Saved data entries
▼

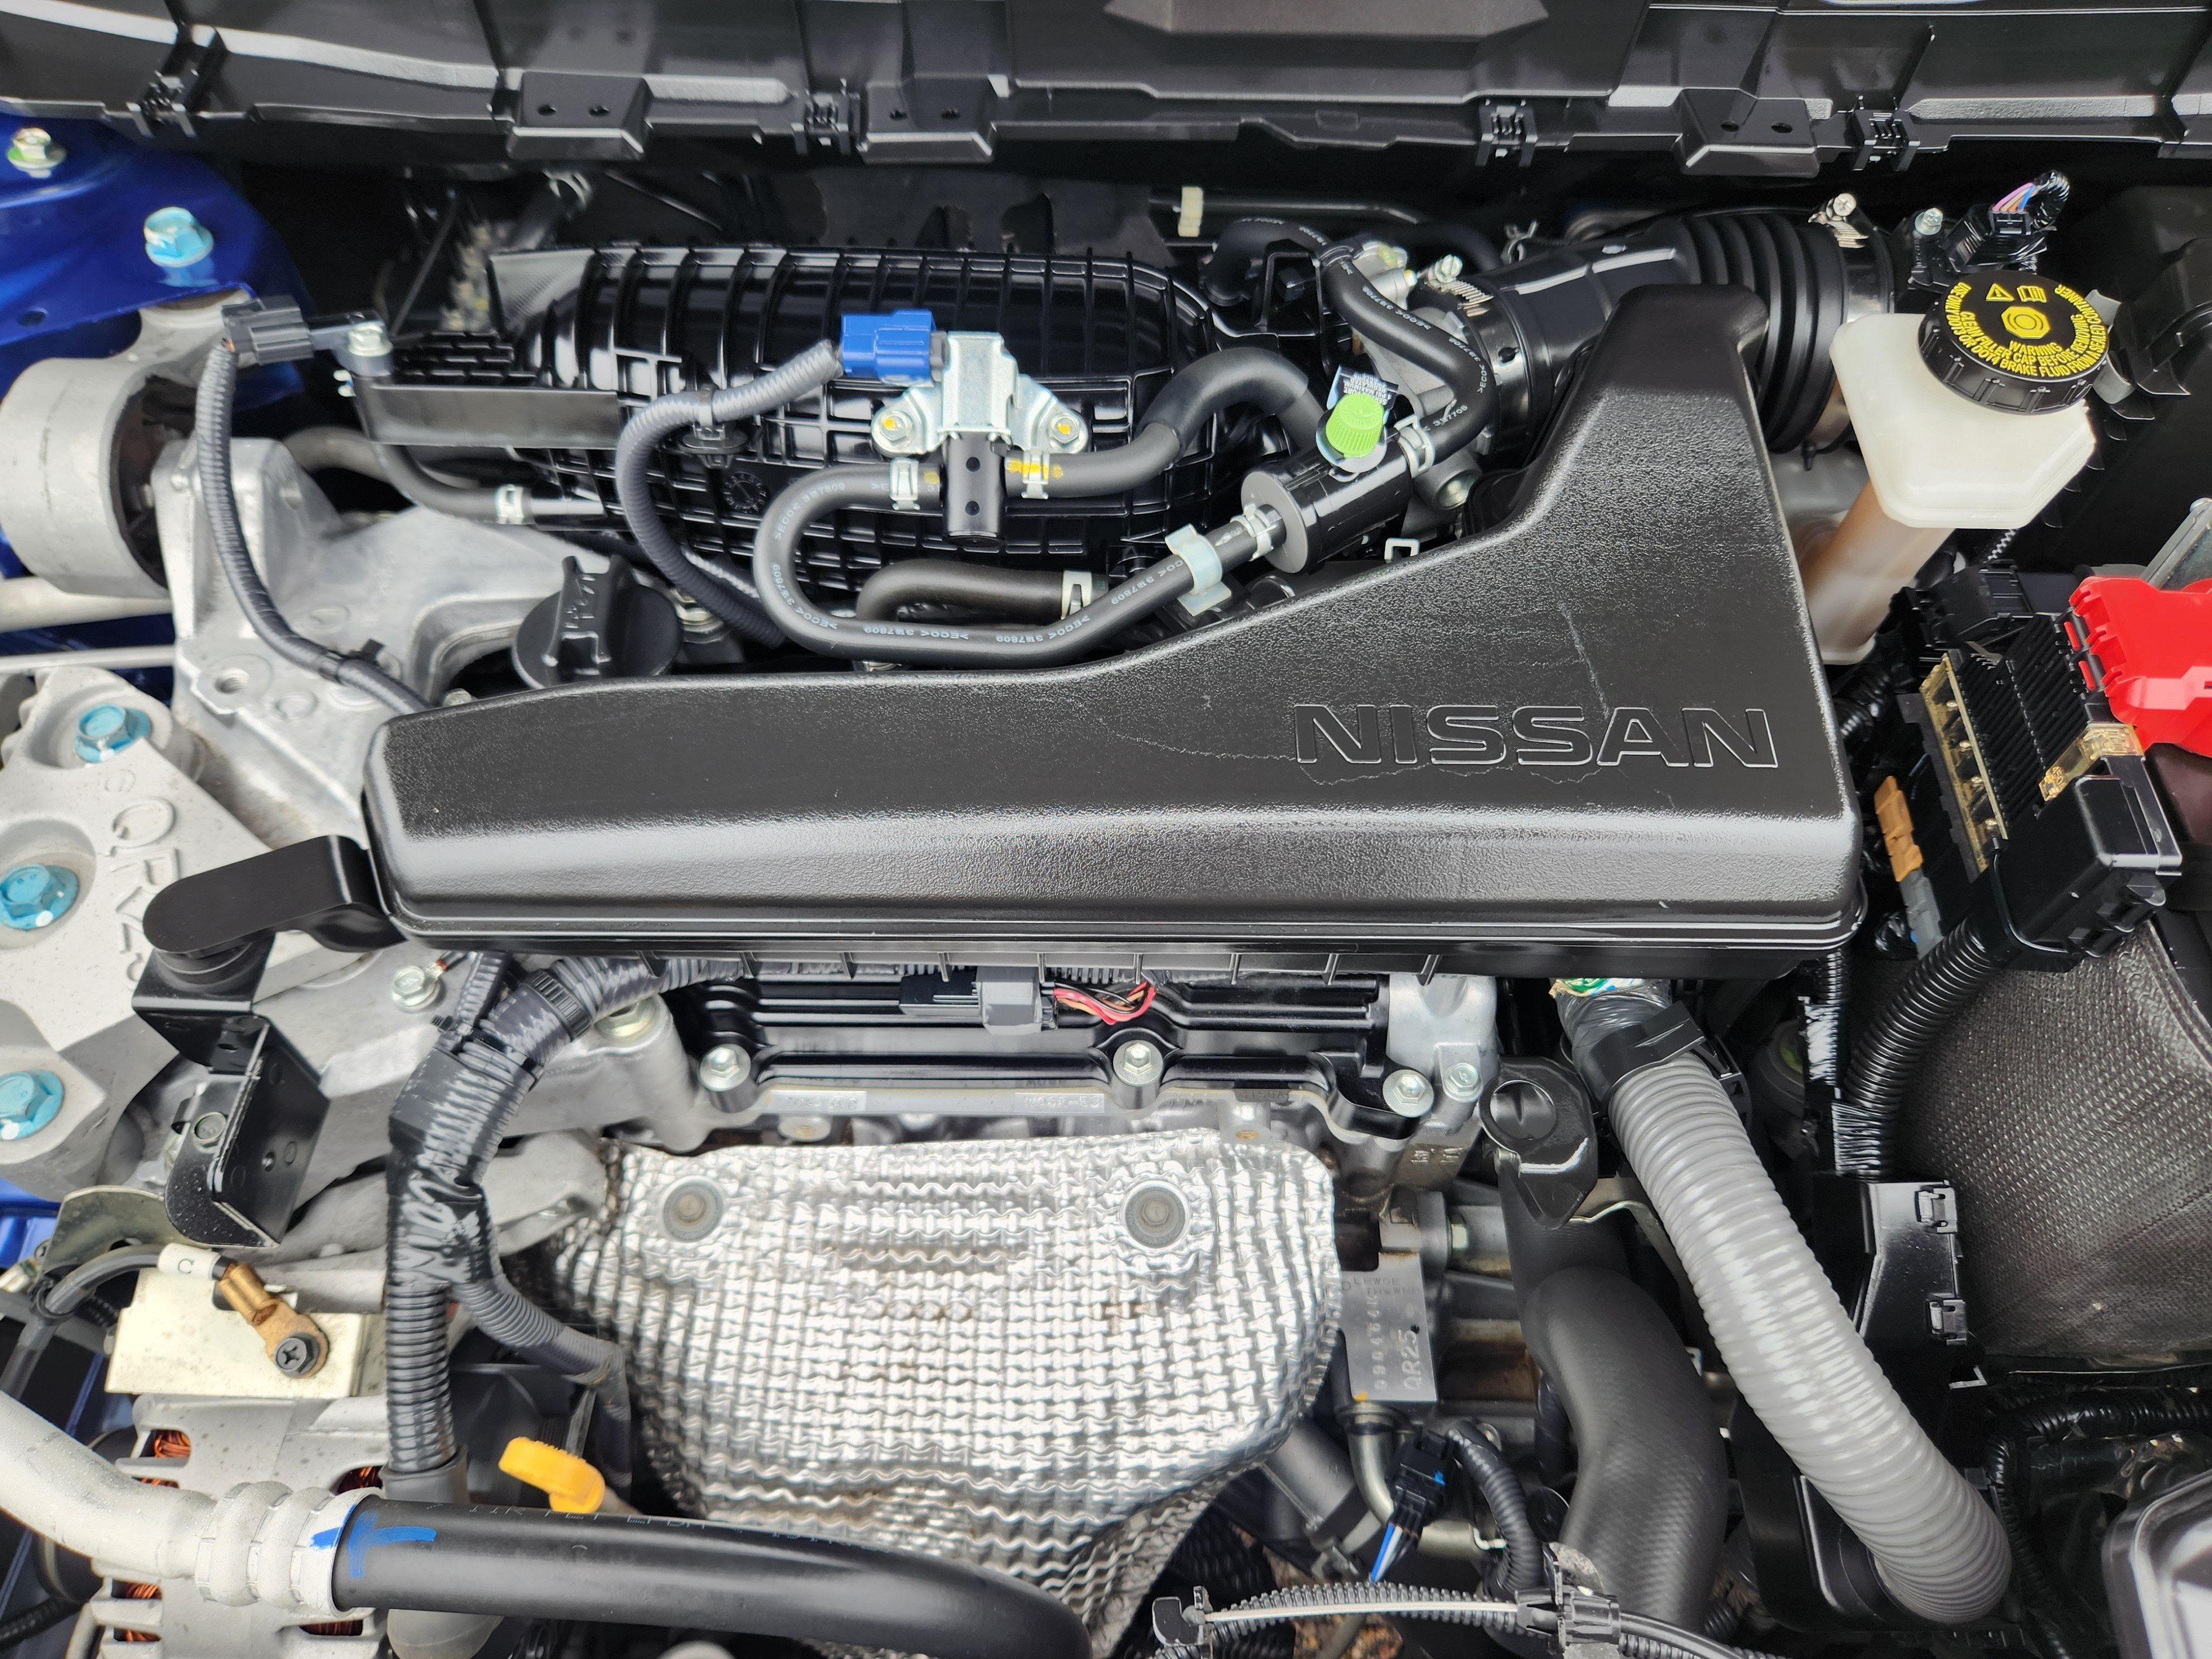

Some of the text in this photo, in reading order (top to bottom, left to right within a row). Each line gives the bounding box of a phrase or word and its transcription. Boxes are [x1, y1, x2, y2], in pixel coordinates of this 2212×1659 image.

[1945, 282, 2106, 377] USE ONLY DOT3 OR DOT4 BRAKE FLUID FROM A SEALED CONTAINER
[1960, 311, 2090, 367] CLEAN FILLER CAP BEFORE REMOVING
[2009, 341, 2062, 356] WARNING
[1294, 703, 1778, 769] NISSAN
[1397, 1329, 1422, 1390] QR25

▲

**What the task asks**
Copy each entry exactly as written. Images should not appear in the copy.

**Result below**
Some of the text in this photo, in reading order (top to bottom, left to right within a row). Each line gives the bounding box of a phrase or word and its transcription. Boxes are [x1, y1, x2, y2], in pixel coordinates of this 2212×1659 image.

[1945, 282, 2106, 377] USE ONLY DOT3 OR DOT4 BRAKE FLUID FROM A SEALED CONTAINER
[1960, 311, 2090, 367] CLEAN FILLER CAP BEFORE REMOVING
[2009, 341, 2062, 356] WARNING
[1294, 703, 1778, 769] NISSAN
[1397, 1329, 1422, 1390] QR25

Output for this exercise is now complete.